START Records provided

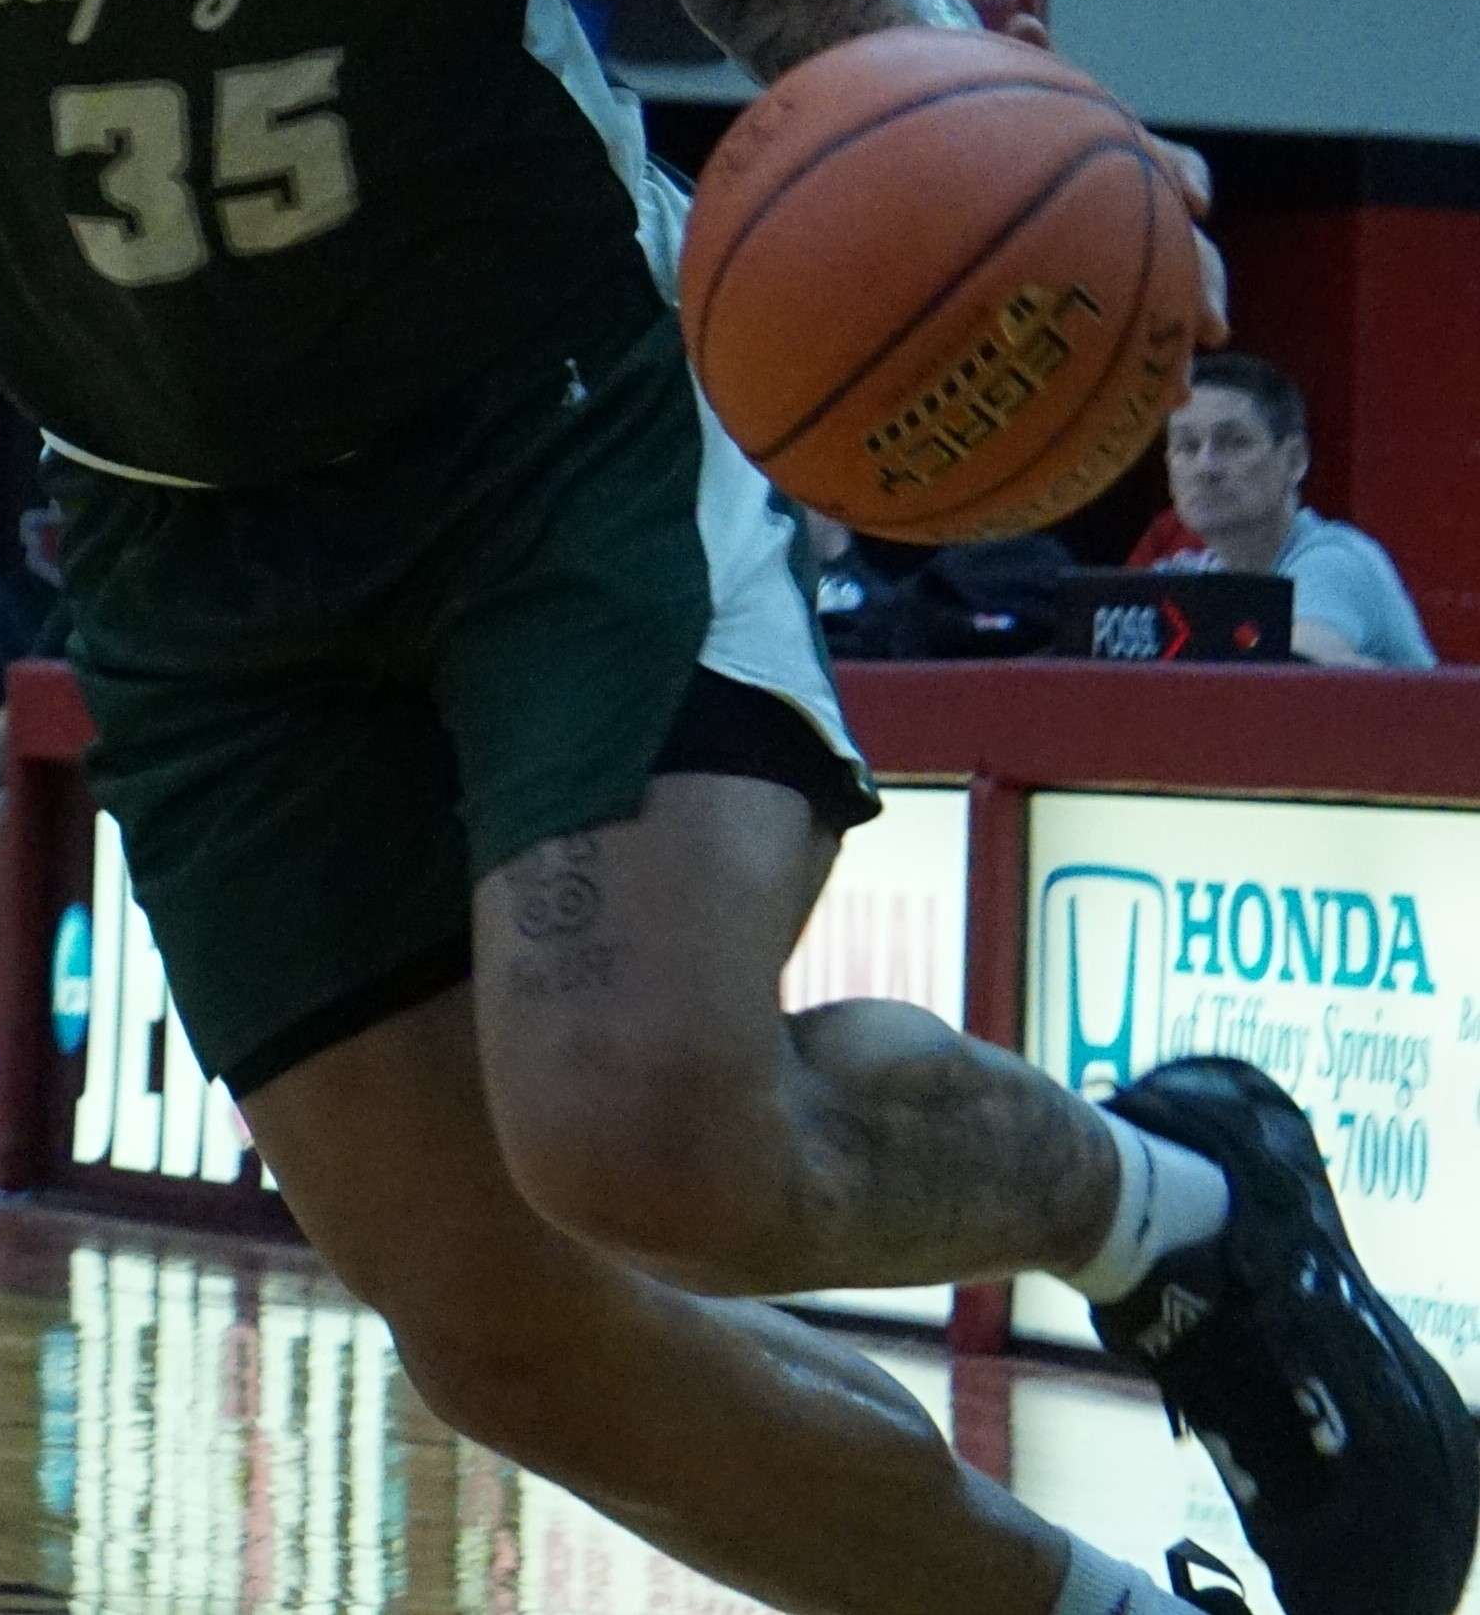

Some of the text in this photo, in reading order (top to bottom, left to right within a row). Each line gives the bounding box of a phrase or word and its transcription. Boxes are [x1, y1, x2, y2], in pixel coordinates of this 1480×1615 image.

[49, 45, 361, 286] 35
[1174, 878, 1438, 996] HONDA
[1210, 993, 1311, 1099] Tiffany
[1316, 1001, 1433, 1109] Springs
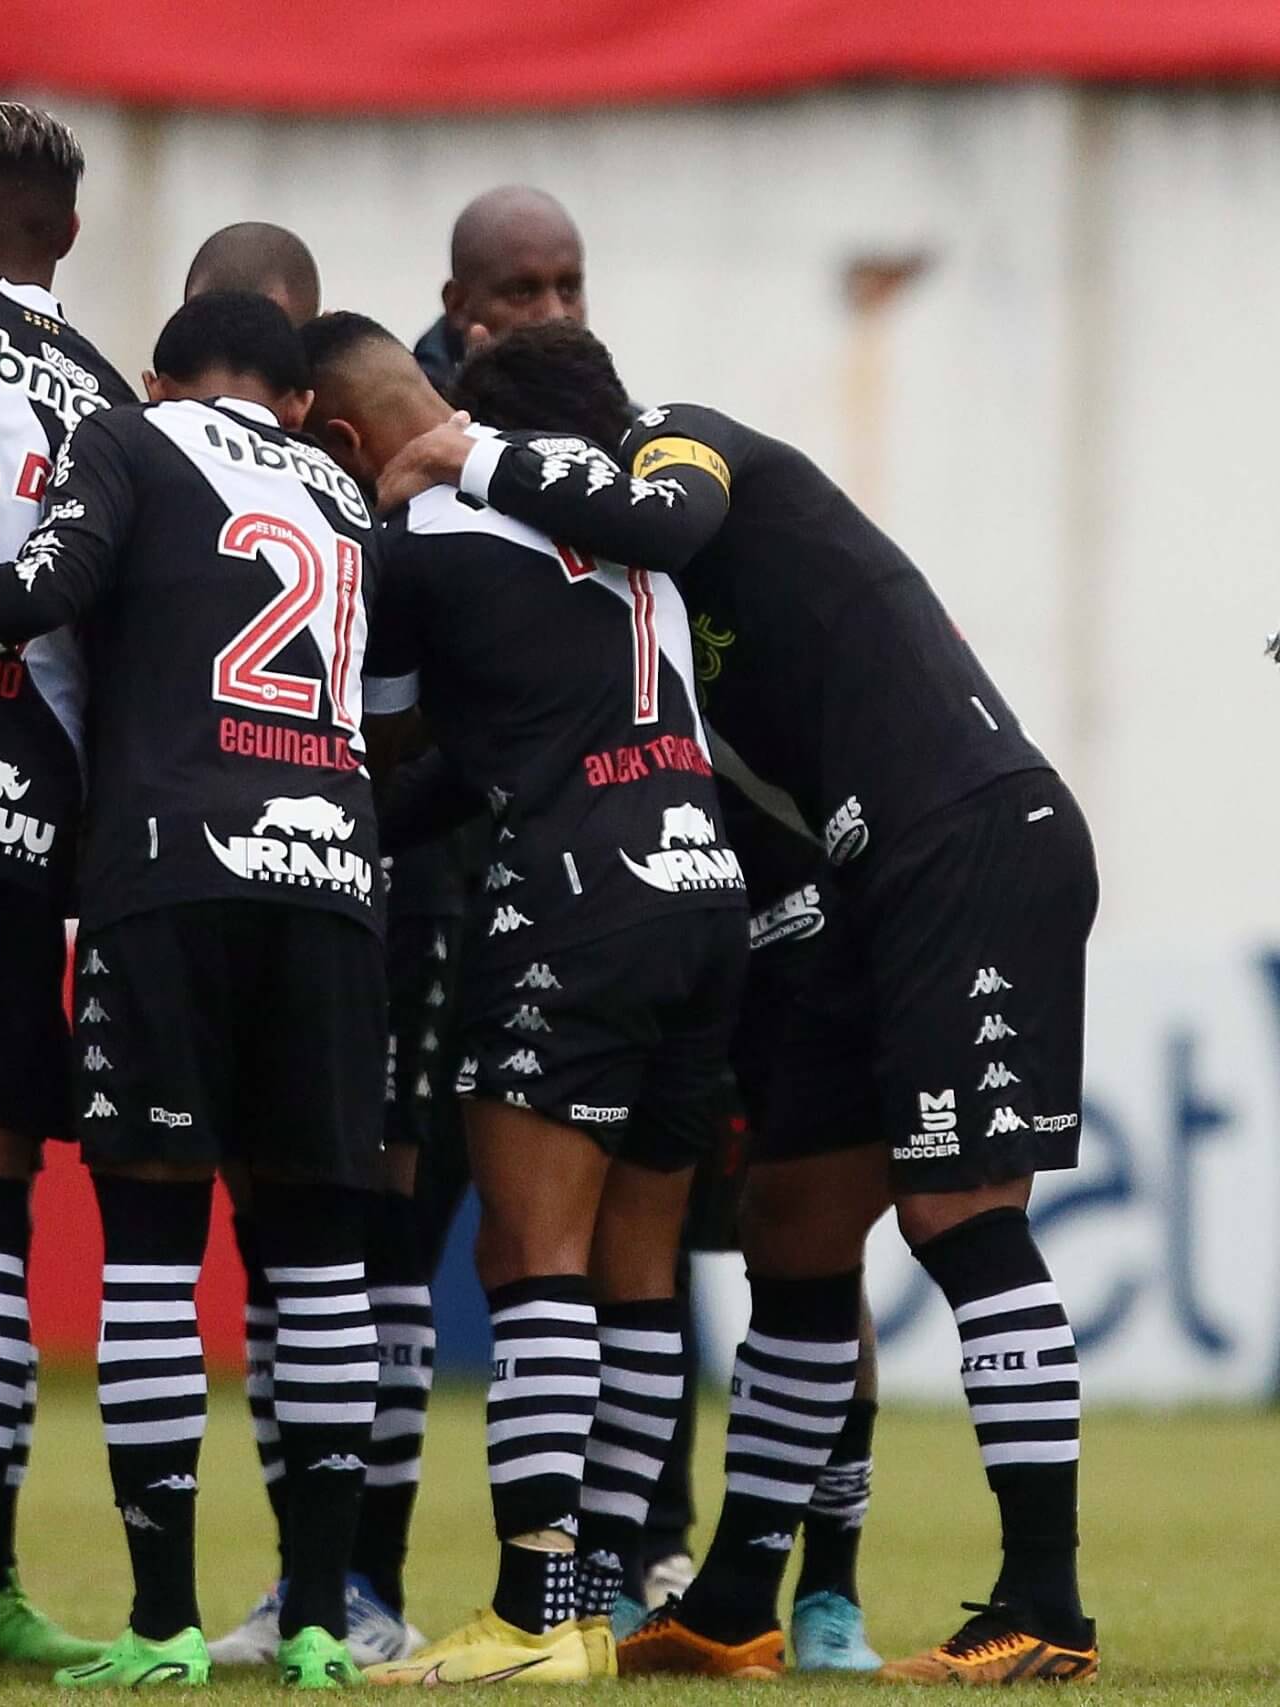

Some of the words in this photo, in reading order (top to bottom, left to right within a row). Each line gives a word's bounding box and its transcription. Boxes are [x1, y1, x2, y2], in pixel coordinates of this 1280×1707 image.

[42, 342, 98, 393] VASCO
[247, 432, 369, 522] bmg
[213, 511, 364, 732] 21
[571, 1104, 629, 1122] Kappa
[1032, 1113, 1079, 1132] Kappa
[911, 1131, 960, 1146] META
[892, 1144, 961, 1160] SOCCER
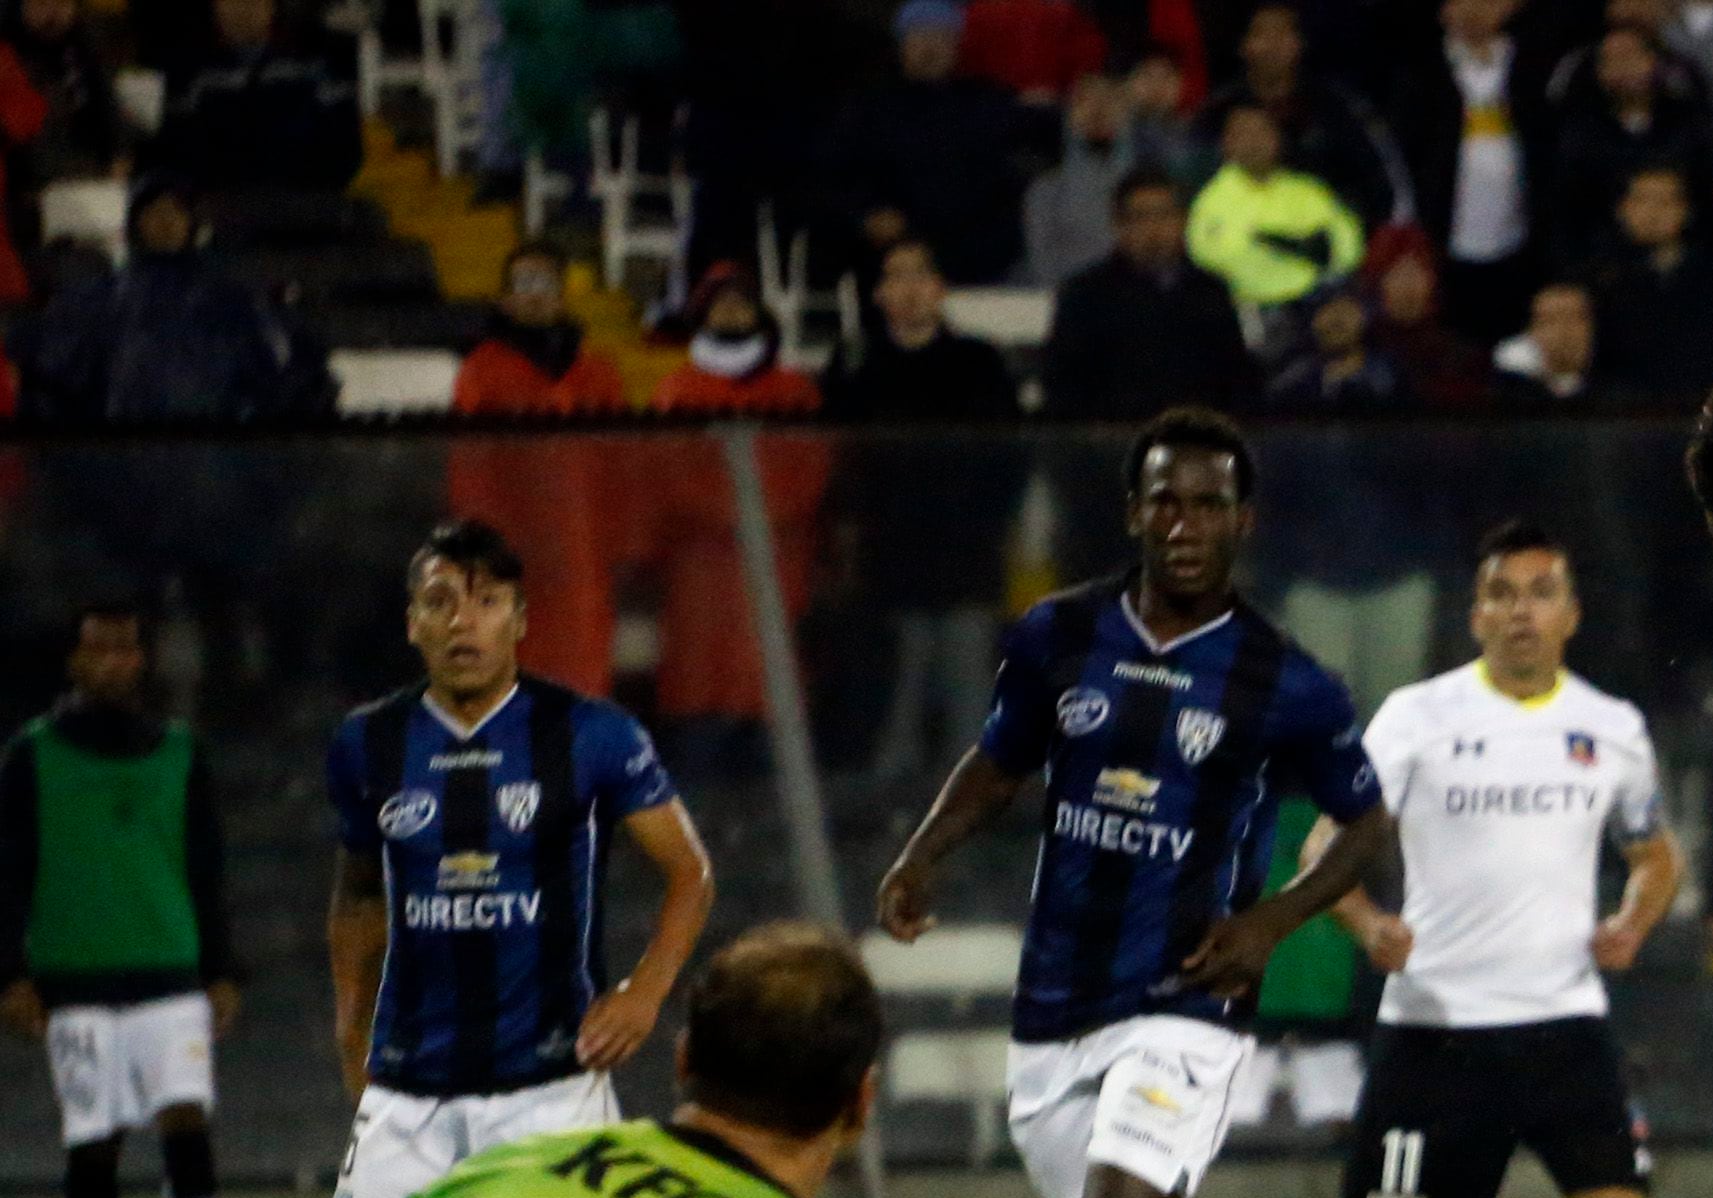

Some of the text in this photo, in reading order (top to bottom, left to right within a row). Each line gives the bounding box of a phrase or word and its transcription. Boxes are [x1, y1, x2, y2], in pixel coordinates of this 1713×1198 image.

END Records provided

▶ [Exercise details]: Each record above should be returned unchanged, except that the pictures are dropped.

▶ [The completed task]:
Some of the text in this photo, in reading order (top to bottom, left to right within a row). Each line gives the bounding box of a phrase or word and its transcription. Boxes are [x1, y1, x2, y2], in pixel coordinates of this 1480×1615 image.

[49, 45, 361, 286] 35
[1174, 878, 1438, 996] HONDA
[1210, 993, 1311, 1099] Tiffany
[1316, 1001, 1433, 1109] Springs

Some of the words in this photo, in reading order (top to bottom, left to right within a row). Each line gives a word's bounding box and its transcription. Boxes are [x1, y1, x2, y2], in pixel coordinates of this 1280×1707 image.

[42, 342, 98, 393] VASCO
[247, 432, 369, 522] bmg
[213, 511, 364, 732] 21
[571, 1104, 629, 1122] Kappa
[1032, 1113, 1079, 1132] Kappa
[911, 1131, 960, 1146] META
[892, 1144, 961, 1160] SOCCER

Some of the text in this photo, in reading order (top to bottom, left to right within a row). Each line gives the bounding box of a phrase or word and its transcription. Boxes are [x1, y1, x2, y2], in pixel coordinates of this 1713×1198 image.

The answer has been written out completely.